October 24th, 2017   ||    by Callie Wheeler

Political ad transparency on Facebook will improve, according to the social network’s CEO, Mark Zuckerberg. The network is overhauling its handling of political ads after facing increasing criticism, MediaPost reports. Buyers will now be required to make ads available for public review.

This recent change brings digital political advertisements one step closer to those on linear TV, but is it enough? Should we consider improvement in advertising transparency across all channels?

How Did We Get Here?

Google and Facebook have been fighting to keep ad transparency at bay for years, arguing that online media shouldn’t be subject to the same standards as television and print.

A 2017 Slate article explains how two Federal Election Commission (FEC) decisions, one in 2010 and another in 2011, allowed the companies to run ads without visible disclaimers about where those ads originated.
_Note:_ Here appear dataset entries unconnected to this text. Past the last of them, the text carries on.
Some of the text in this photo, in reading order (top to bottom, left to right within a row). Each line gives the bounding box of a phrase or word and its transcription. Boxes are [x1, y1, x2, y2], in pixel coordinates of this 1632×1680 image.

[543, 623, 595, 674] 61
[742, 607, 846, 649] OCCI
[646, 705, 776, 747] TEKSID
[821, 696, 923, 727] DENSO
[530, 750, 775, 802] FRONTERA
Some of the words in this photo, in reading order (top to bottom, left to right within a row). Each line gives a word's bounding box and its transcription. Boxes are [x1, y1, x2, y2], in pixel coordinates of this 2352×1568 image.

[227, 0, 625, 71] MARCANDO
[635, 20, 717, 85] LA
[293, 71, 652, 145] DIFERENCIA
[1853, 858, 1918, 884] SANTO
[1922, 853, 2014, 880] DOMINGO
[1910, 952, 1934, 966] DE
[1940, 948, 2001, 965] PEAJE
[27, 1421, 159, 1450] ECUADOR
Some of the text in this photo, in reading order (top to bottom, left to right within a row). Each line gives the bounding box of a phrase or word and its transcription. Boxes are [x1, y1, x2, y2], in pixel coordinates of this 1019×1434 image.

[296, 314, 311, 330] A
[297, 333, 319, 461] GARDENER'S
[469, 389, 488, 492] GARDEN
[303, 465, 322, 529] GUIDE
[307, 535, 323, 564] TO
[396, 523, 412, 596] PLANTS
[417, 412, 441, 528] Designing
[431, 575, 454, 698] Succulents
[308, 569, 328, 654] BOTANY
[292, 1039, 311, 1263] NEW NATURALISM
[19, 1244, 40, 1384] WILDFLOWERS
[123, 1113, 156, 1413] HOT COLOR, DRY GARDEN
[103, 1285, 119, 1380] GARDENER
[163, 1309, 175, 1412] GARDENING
While Google ads included a link to a landing page with a disclosure, Facebook wasn’t subject to any penalties for omitting such a link—so it went ahead without them.

It has been nearly impossible to determine the source of Facebook ads, as revealed by recent news that Russia was linked to many of the 2016 presidential election ads on the social media platform, according to The New York Times.

As The Verge points out, Facebook’s announcement shouldn’t be surprising, as the company’s self-imposed regulation will likely be more manageable than any imposed by the FEC.

Good Thing We Still Have Linear TV

Linear TV and print are subject to greater regulation, requiring them to disclose who’s sponsoring an ad, both visually and audibly. Transparency is an issue that often plagues digital media in one form or another, and as the latest news from Facebook shows, digital frequently finds an answer to those woes by looking to its more traditional counterparts.

Even though traditional media shares more, the information disclosed isn’t always straightforward. With vague names and unclear associations, consumers can’t easily trace ad money to its source—especially when the ad is associated with a super political action committee (PAC). By embracing ad transparency that extends beyond political ads to all advertisements, television can further serve its viewers and get ahead of the curve.

As the same MediaPost article emphasizes, addressable TV will present challenges akin to those created by targeted social media ads: Consumers will want to know who’s targeting them, what messages they’re sharing and who’s ultimately paying for the ad inventory.

It’s time for television to start considering how to be a leader in transparency, even as its landscape changes.